One of the pillars of classical catechesis, alongside the catechism and the sacraments, is the Lord’s Prayer. Thus, basic instruction for living the Christian life is not only information about what the church believes and how believers receive grace in baptism and Eucharist; it teaches the convert how to pray, how to continue seeking the face of God in the way of discipleship.
This is precisely the role the Wesleyan hymns played. Take, for instance, Hymn 438 in The United Methodist Hymnal. It teaches the disciple to greet the new day singing:
Forth in thy name, O Lord, I go, my daily labor to pursue;
Thee, only thee, resolved to know in all I think or speak or do.
It characterizes the life of faith as a gathering up of every human effort and divine gift into a vision of a vigorous “run” and an intimate “walk”:
For thee delightfully employ whate’er thy bounteous grace hath given;
And run my course with even joy, and closely walk with thee to heaven.
Christian tradition is full of spiritual directors who recommend a “rule of prayer” for those who want prayer to become a solid shaping force in their lives rather than an occasional or irregular happening. John Wesley, himself, urged that “all who desire the grace of God are to wait for it, first, in the way of prayer.” As you might guess, John had a “rule of prayer” just as he had the “three simple rules” that were maintained by all the Methodist Societies. He arose early every day for private prayer. In words similar to Luther, he declared, “I have so much to do that I spend several hours in prayer before I am able to do it.”
That his prayer life was more than the habitual rituals of a driven man was witnessed to by one of his contemporaries who wrote, “[John] thought prayer to be more his business than anything else, and I have seen him come out of his closet with a serenity of face next to shining.”
It was out of his own urgent, daily struggle of intimate prayer that John urged others never to neglect a disciplined prayer life. “The neglect of private prayer, or the hurrying over it, is perhaps the most frequent sin of omission. This lack cannot be supplied by any other means whatever; the life of God in the soul will surely decay and gradually die away.”
Still, such a view of a disciplined prayer life might have become another form of rigorism and spiritual legalism without the balancing harmony of Charles’s hymns. Charles helps turn a rule of prayer into a song. Let me speak from personal experience. Over the years, I have tried various rules of prayer. I have set for myself different formats, times of the day, kinds of prayers, Scripture readings, and on and on. It is almost laughable how our desire to be intimate with God can turn into an exercise in religious drudgery! One thing is certain; every “rule” fails sooner or later.
Something different happens when we sing our prayers. Augustine stated this hard-won truth when he wrote, “Those who sing pray twice.” When I have been too tired or dull in spirit to pray, I have discovered that a memorized hymn can ignite the desire for God.
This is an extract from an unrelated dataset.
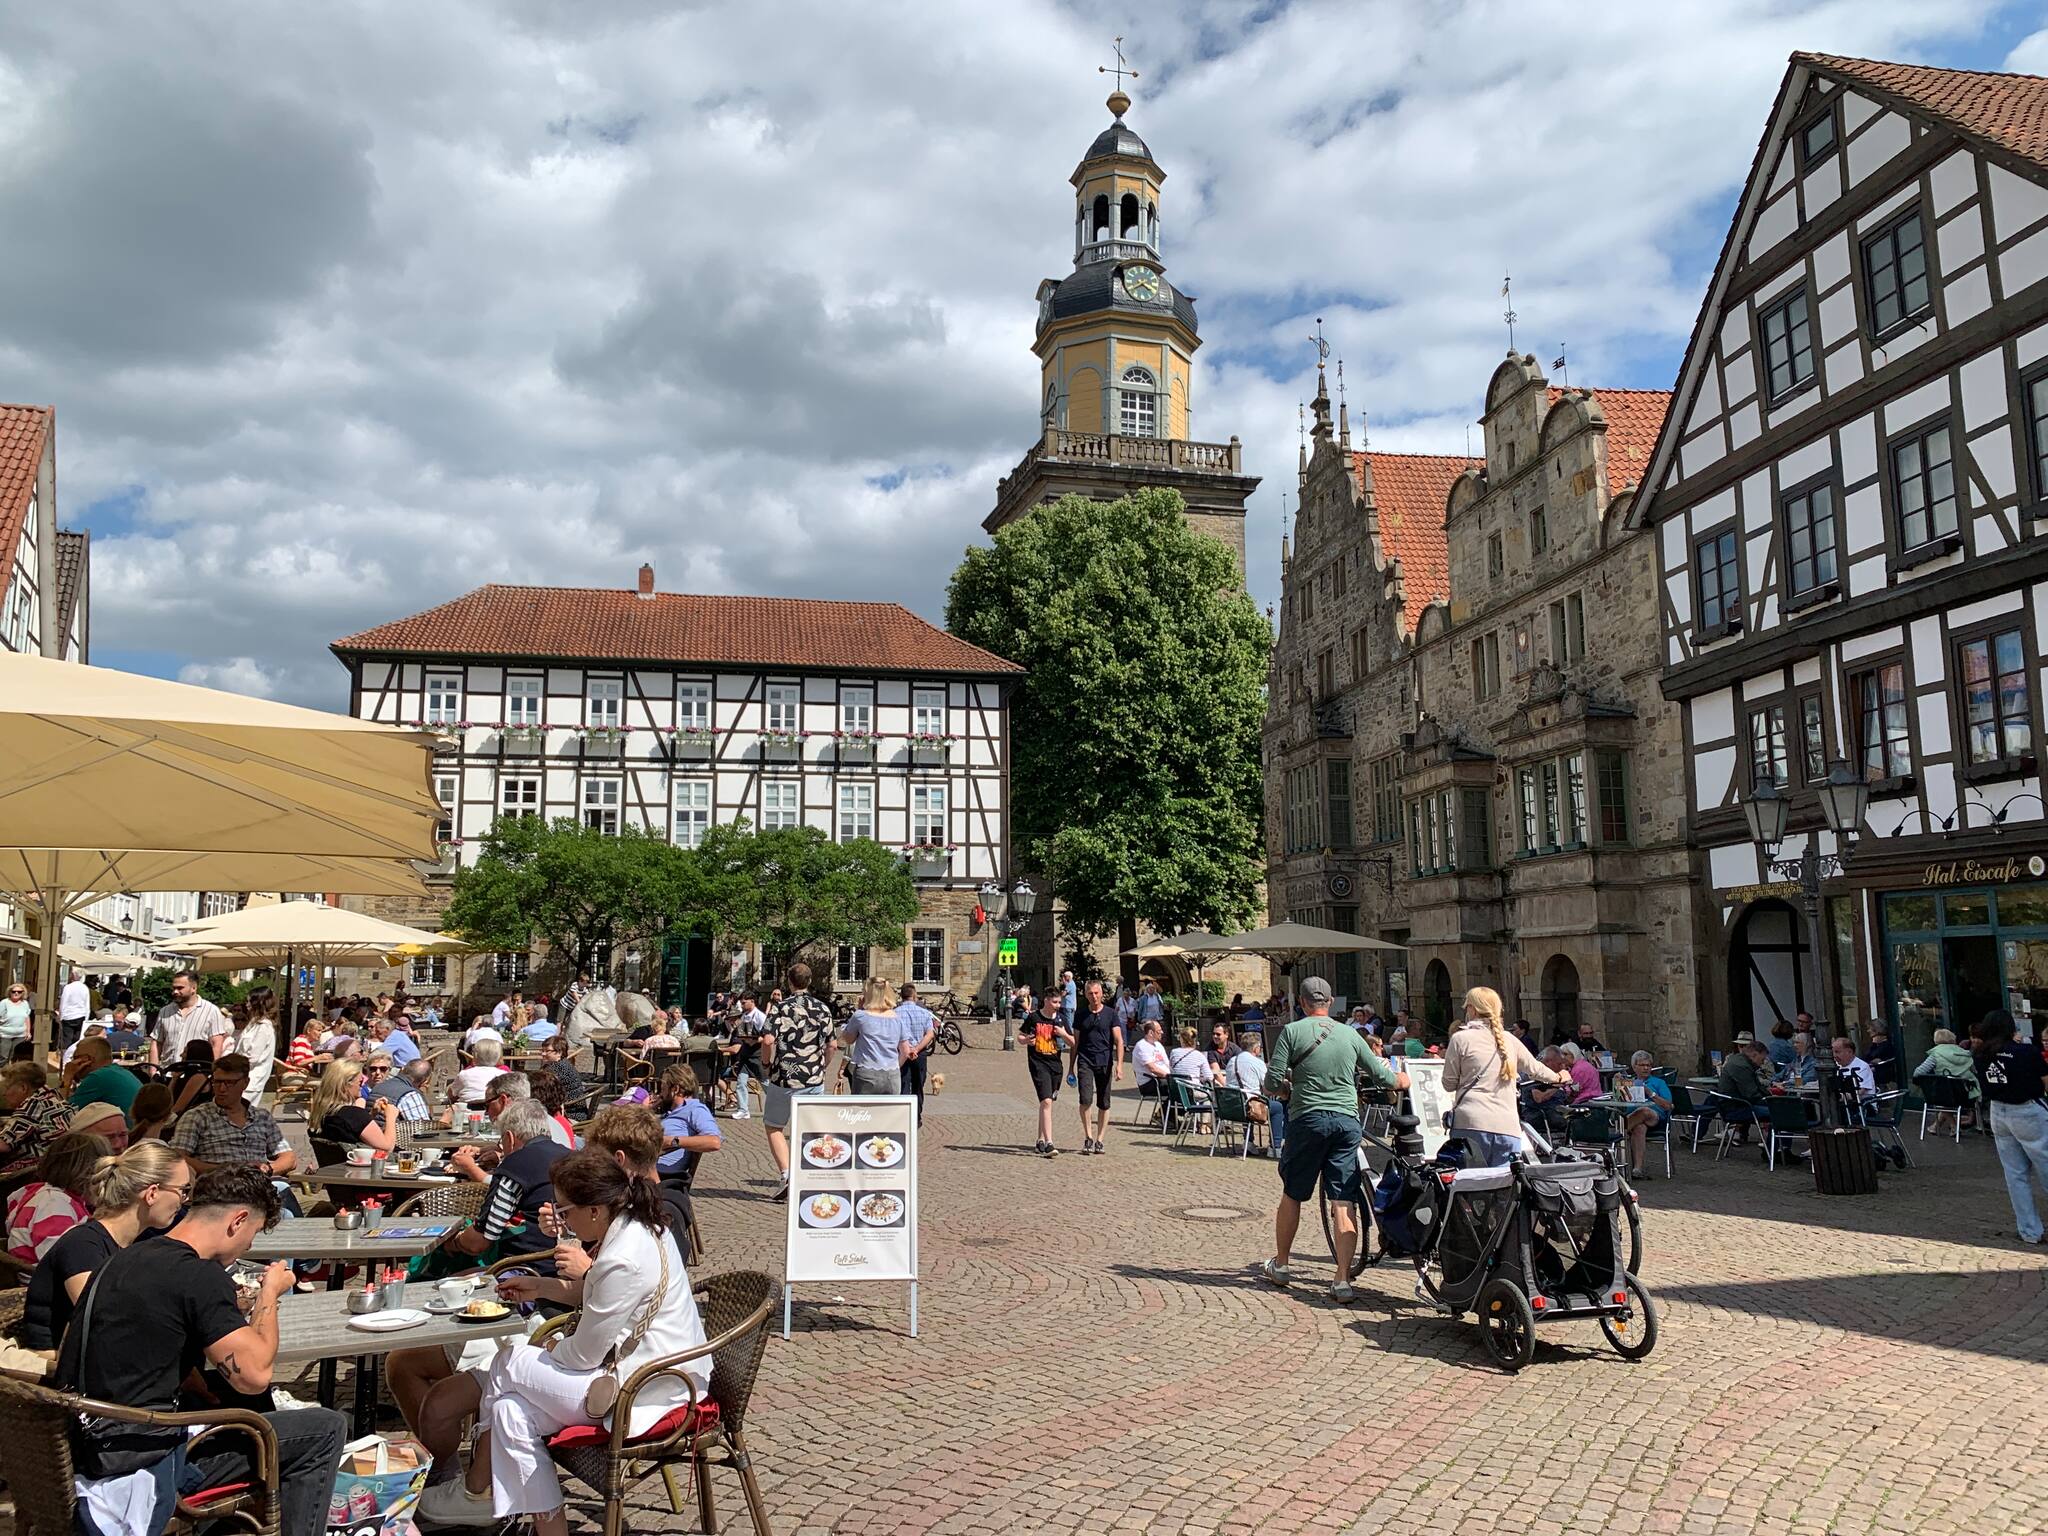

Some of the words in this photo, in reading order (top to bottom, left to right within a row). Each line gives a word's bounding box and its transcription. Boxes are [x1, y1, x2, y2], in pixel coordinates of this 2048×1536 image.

[1923, 862, 1960, 885] Ital.
[1963, 857, 2022, 883] Eiscafe
[839, 1109, 872, 1124] Waffeln
When I have been too hurried to say my morning prayers, singing hymns on the way to work has redeemed the time, turning a spirit of haste into praise and preparation for the day. I first began singing the hymns as a fallback discipline when I couldn’t “keep the rule.” But soon the hymns had transformed my rule-keeping into delight and my car into a prayer-closet.
Methodism’s original vitality as a renewal movement sang its way into people’s hearts while it was preaching good news and serving the poor. The elements of musicality, of delight, of heart and voice united in meter and music transposed into prayer transformed the repetition of creeds and catechisms into the songs of disciples. The reclaiming of this pillar of Wesleyan catechesis may be a way beyond the domesticating, psychologizing, and politicizing of much of our contemporary pedagogy.
Longden is a John Wesley Fellow and associate professor of evangelism and discipleship emeritus, University of Dubuque Theological Seminary.